I 50 anni di “Qualcuno volò sul nido del cuculo”: un’opera immortale che continua a volare liberamente

[di Federico Falcone – Sara Paneccasio]
Nel marzo del 1975, il cinema mondiale venne sconvolto da un capolavoro destinato a cambiare per sempre il modo di raccontare storie, di esplorare la follia, la libertà e il coraggio. “Qualcuno volò sul nido del cuculo” (One Flew Over the Cuckoo’s Nest), diretto da Miloš Forman e tratto dal romanzo di Ken Kesey, celebra oggi il suo cinquantesimo anniversario.

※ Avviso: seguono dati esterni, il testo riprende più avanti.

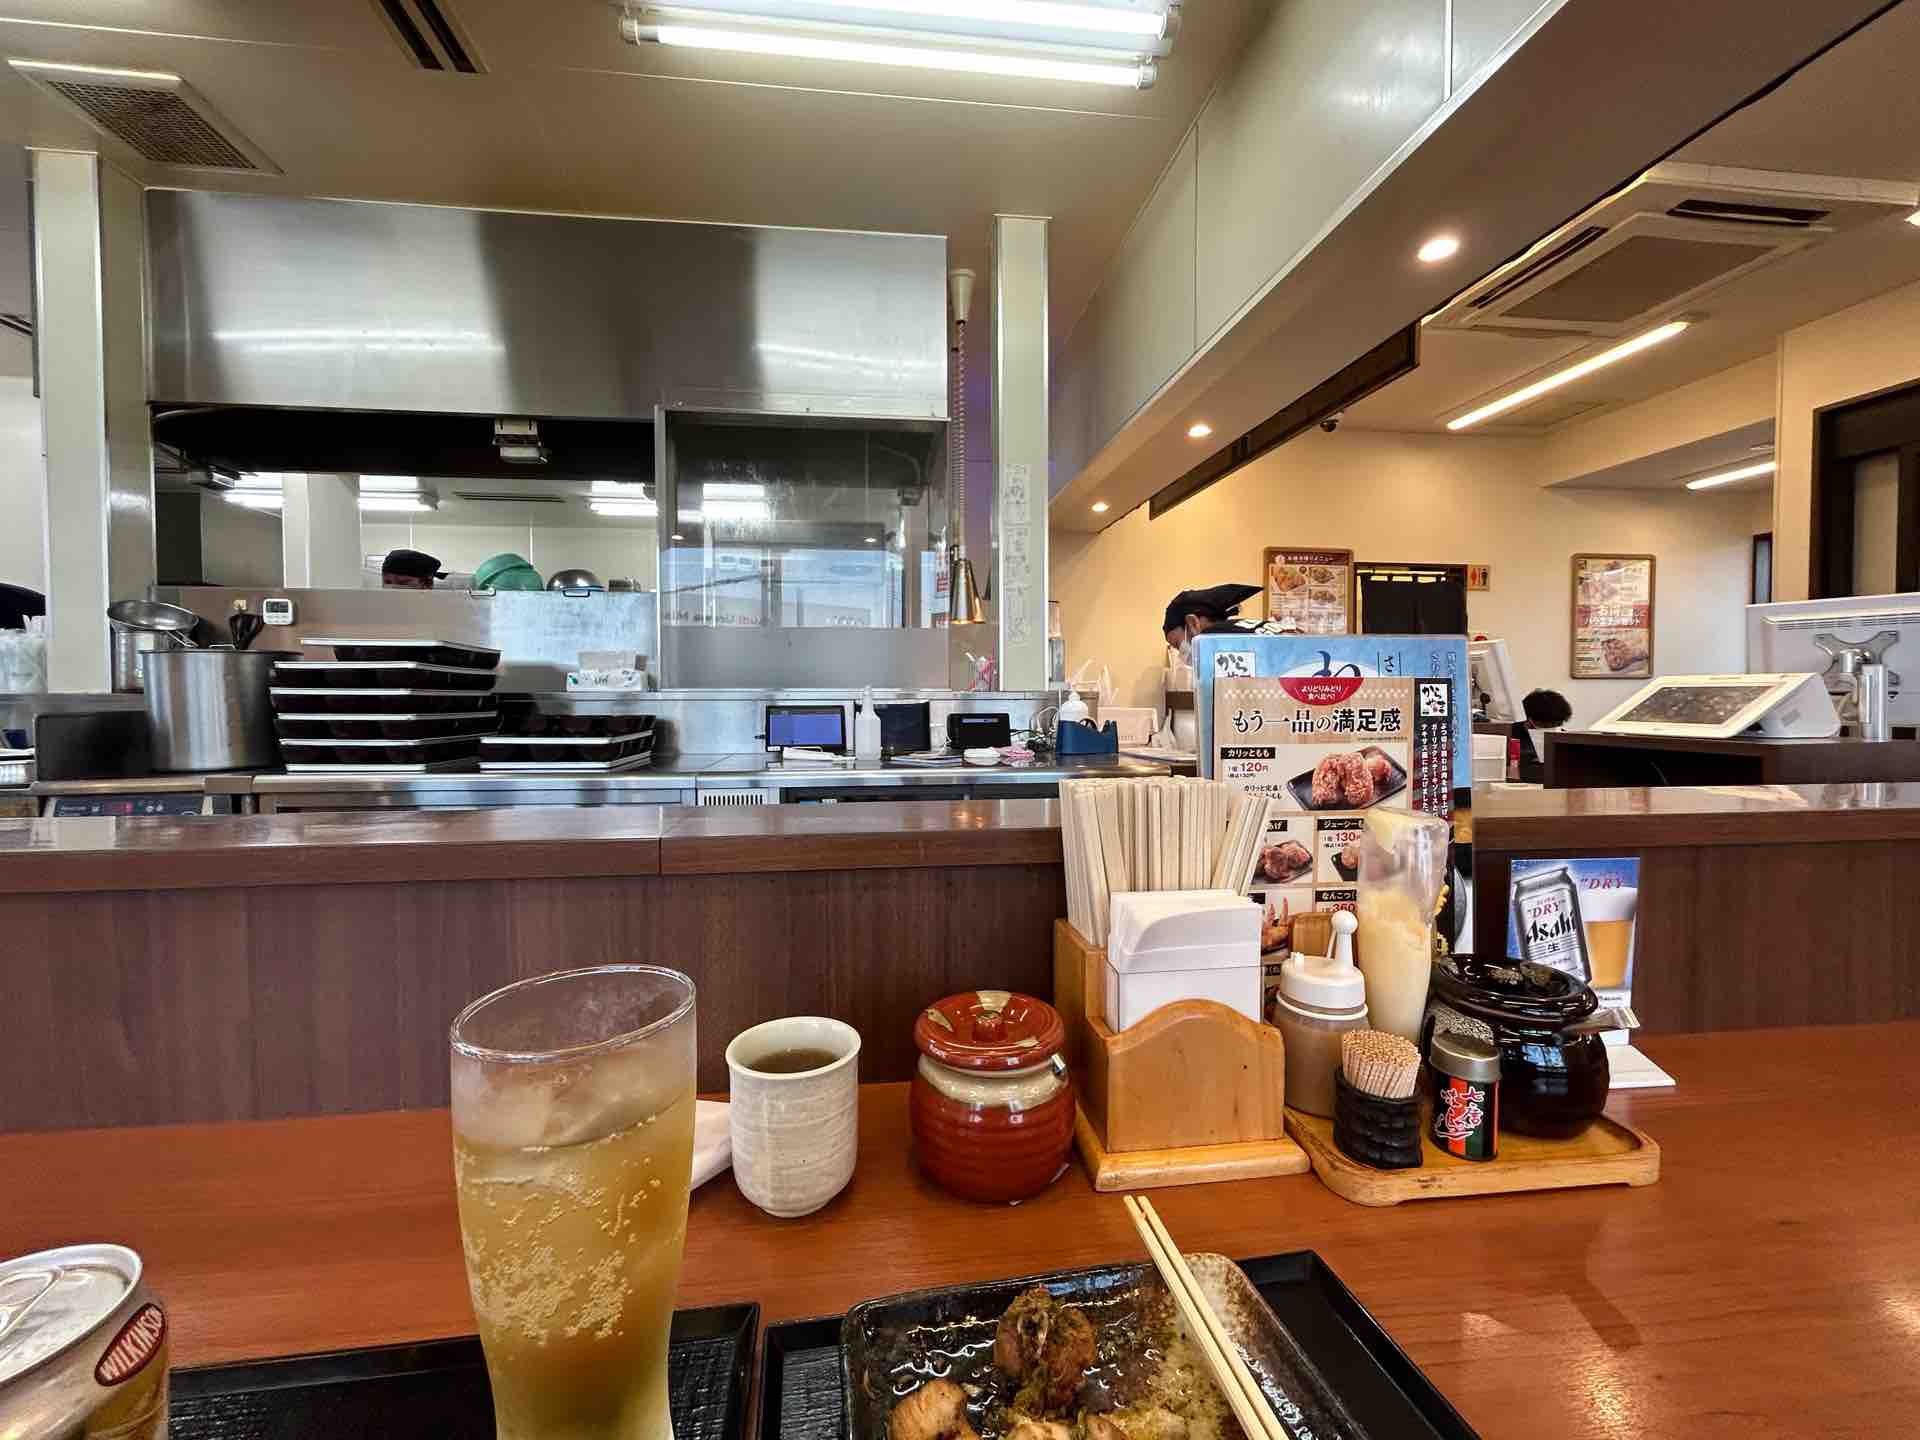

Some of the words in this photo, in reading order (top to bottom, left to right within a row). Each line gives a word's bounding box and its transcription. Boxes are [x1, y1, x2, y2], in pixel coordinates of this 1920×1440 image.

[1233, 709, 1401, 733] もう一品の満足感
[1527, 910, 1577, 944] Asahi
[1547, 942, 1561, 953] 生

Mezzo secolo durante il quale il film non ha mai smesso di emozionare, interrogare e ispirare generazioni di spettatori, offrendo spunti di riflessione non solo sulla follia e sulla libertà, ma anche sulle dinamiche di potere che permeano la società. Non è soltanto un’opera cinematografica, ma un inno alla forza dello spirito umano e una denuncia di un sistema che cerca di ridurre le persone a numeri e regole.
La libertà e la follia: un inno alla ribellione
Il film ci racconta la storia di Randle Patrick McMurphy, un uomo che si finge pazzo per sfuggire alla prigione e finisce in un ospedale psichiatrico, dove scopre una realtà ben più opprimente e pericolosa. Interpretato magistralmente da Jack Nicholson, McMurphy diventa simbolo di quella lotta contro le catene invisibili che imprigionano la mente e lo spirito umano. Ma non è solo il protagonista maschile a brillare: Louise Fletcher, nel ruolo della rigida e implacabile infermiera Ratched, offre una performance che rimarrà per sempre nella memoria collettiva. Il film è un’opera di contrasto, tra l’individuo e il sistema, tra la follia liberatoria e la freddezza della razionalità burocratica.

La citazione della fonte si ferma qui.